To resolve the early events of molar morphogenesis, we used confocal fluorescence whole-mount live tissue imaging to elucidate the cellular and molecular dynamics of signaling centers and how they shape the tooth bud. We show that an IK signaling center is established in the molar placode and remains an integral functional part of the developing bud. The molar IK arises by the juxtaposition of cells with high canonical Wnt activity to Shh-expressing G1/G0-phase cells. Early molar growth is dependent on the IK signaling center and interference in the function of this signaling center, either mechanically, by laser ablation, or with specific modulators of relevant signaling pathways, abrogates bud proliferative growth and progression of tooth development. The IK positions the tooth in the growing mandible and is silenced by apoptosis as the pEK arises independently to drive further growth of the bud. Thus, the cellular and molecular dynamics of the IK signaling center control tooth development earlier than was previously thought.

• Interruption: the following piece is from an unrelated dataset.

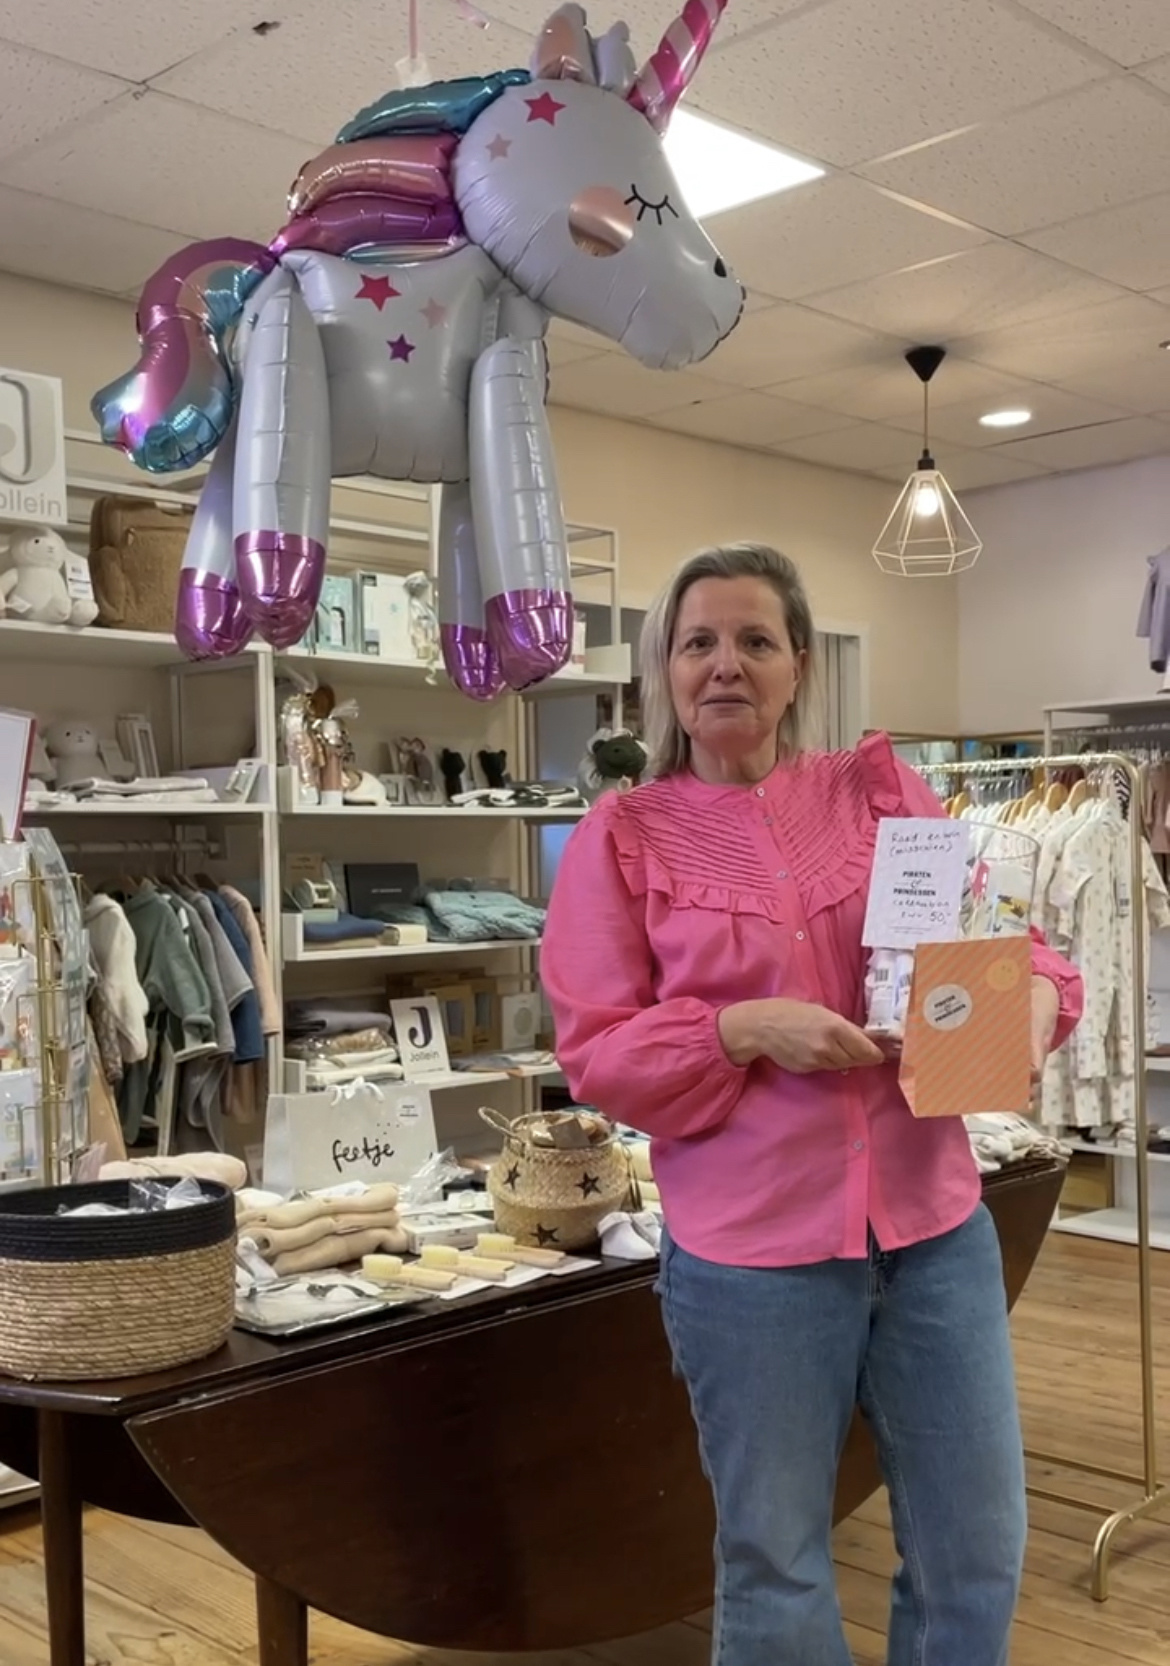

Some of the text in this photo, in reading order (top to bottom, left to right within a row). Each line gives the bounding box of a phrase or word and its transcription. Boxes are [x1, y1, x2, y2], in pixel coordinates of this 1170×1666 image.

[0, 489, 62, 517] ollein
[902, 870, 932, 879] PIRATEN
[408, 1005, 433, 1049] J
[332, 1136, 395, 1174] feetje

A molar initiation knot is established in the placode and early bud in G1/G0 cells expressing signaling center markers
Cell cycle exit is an early hallmark of ectodermal placodes (Ahtiainen et al., 2014, 2016). The Fucci fluorescent cell cycle reporter system allows direct real-time follow-up of the progress of the cell cycle in individual cells in the developing tissue: when the cell is in G1/G0 phase, the nucleus emits red fluorescence; upon transition to S/G2/M proliferative phase, the cell nucleus emits green fluorescence. We used confocal fluorescence microscopy of whole-mount mandibles of the Fucci cell cycle indicator transgenic mouse to characterize G1/G0 cell distribution in the developing molar. Transgenic ShhGFP/+ (Harfe et al., 2004) expression was used to identify signaling centers from E11.5 to E13.5, and EpCam immunofluorescence staining was used to visualize the epithelium.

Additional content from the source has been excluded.